The stories of many common aviators have gone lost in the epopee of national aeronautics embodied by Gabriele d’Annunzio, Francesco Baracca[17] and a handful of other Aces. If we are to dig under the imaginary aviation monument of the Great War, we must redefine the borders of a myth which appears to be less monolithic than a rooted celebratory narration, fed for decades by historiography and by the media, would have us believe. For this purpose, one may choose to investigate the stories of unknown aviators who are not featured in the pantheon of the more famous pilots.[18]

Conclusion

Besides the legendary dimension bound to the names of a few very well-known "knights of the sky", becoming an aviator was often a temporary – and sometimes traumatic – experience, in some cases interrupted during the conflict, and in others after the war due to military demobilization. At the end of 1918 some aviators asked to be dismissed – revealing their intentions to hide within the aviation -, while for others, dismissal was a painful sacrifice determined by complement cuts or family necessities. Few aviators remained in service in Italy, while many returned to their previous jobs, thus ending an experience, both physical and mental, destined to leave an indelible mark on their lives.

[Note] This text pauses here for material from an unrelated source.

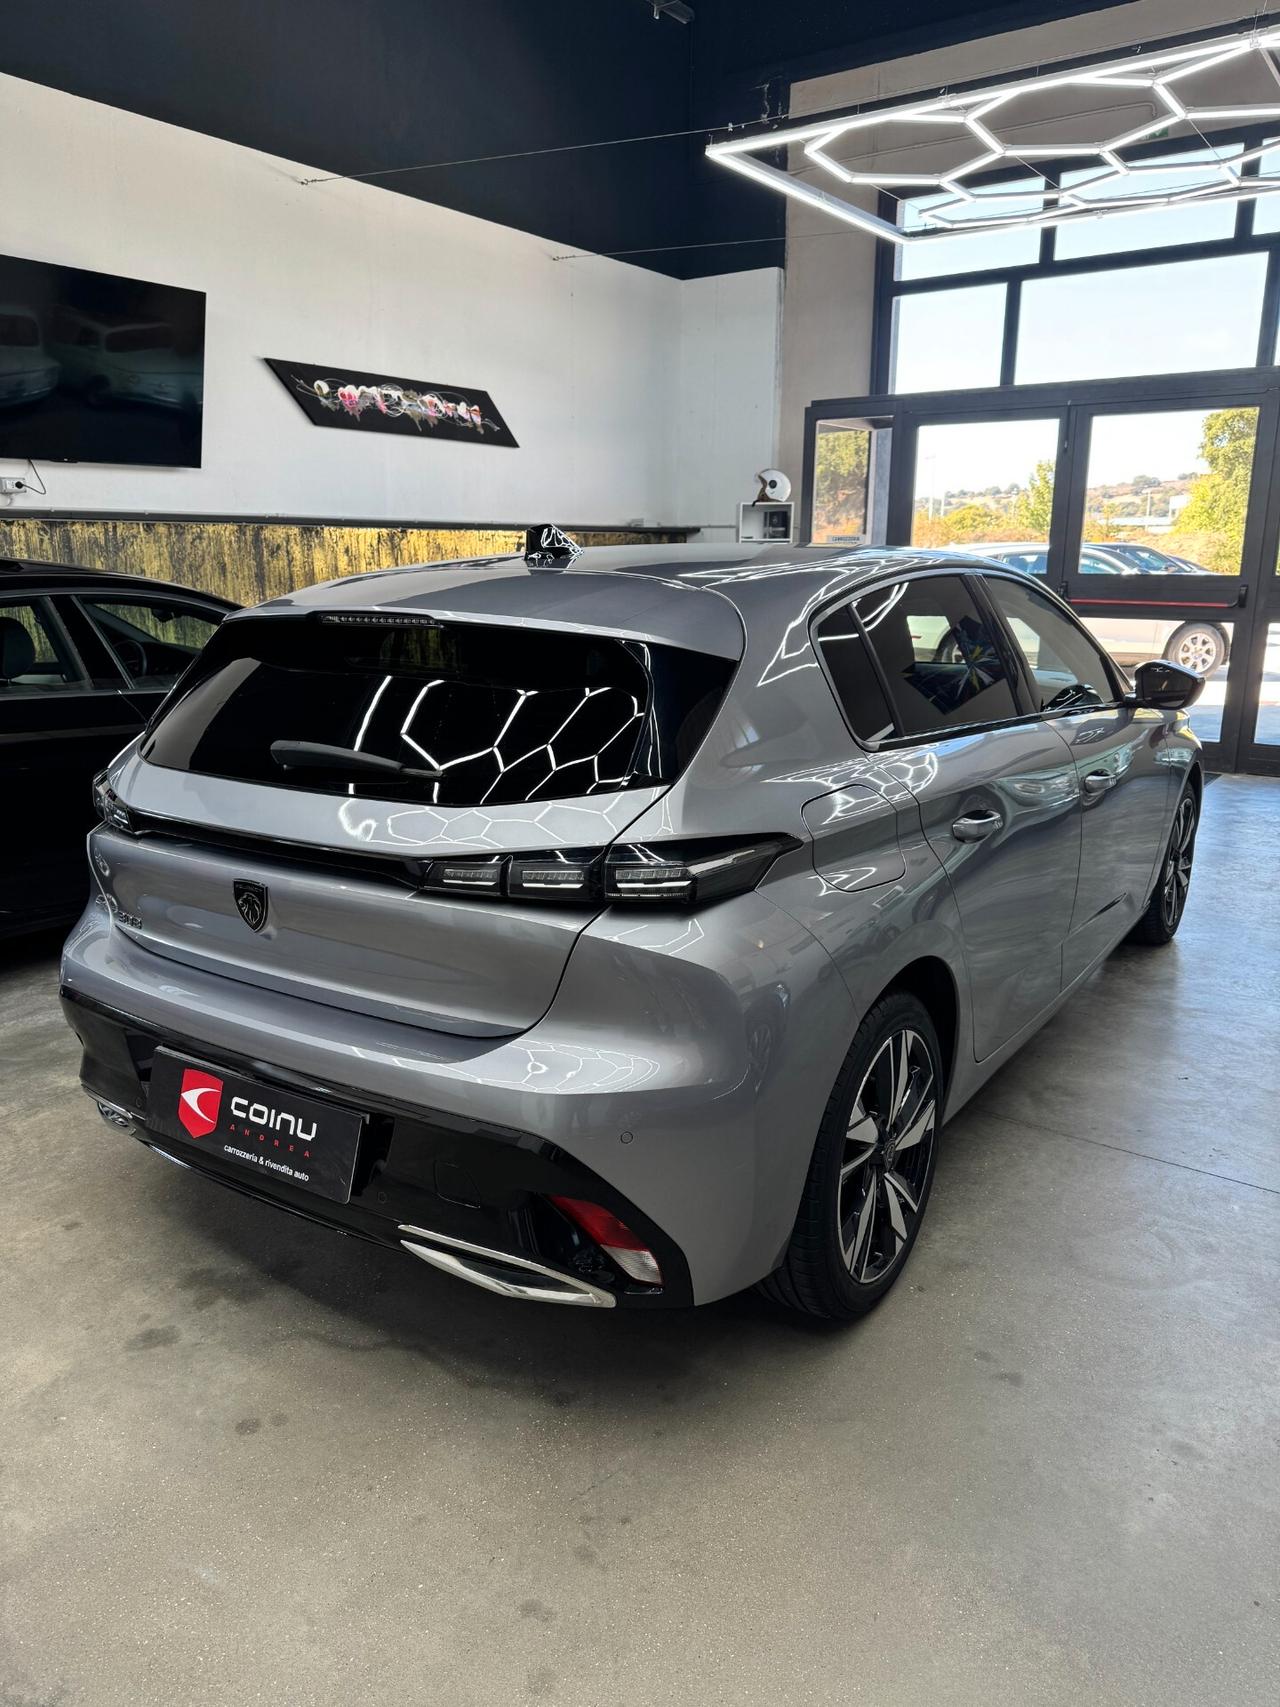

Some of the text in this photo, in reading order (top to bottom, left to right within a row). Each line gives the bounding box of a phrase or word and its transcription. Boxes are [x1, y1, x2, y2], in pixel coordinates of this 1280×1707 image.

[223, 1144, 309, 1182] carrozzeria & rivendita auto

In 1923, Fascism re-founded the Aeronautic Corps, elevating it to the level of autonomous corps (Royal Aeronautics). The heritage of the Great War’s aviation endeavours allowed the political system to use the new Arma Azzurra to spread the nationalistic religion of the Motherland and to manifest the modern, feisty and dynamic Fascist spirit. The story of aeronautic records and air crossings became one of the regime’s most efficacious fables, destined to rapidly dissolve when facing the test of the Second World War.[19]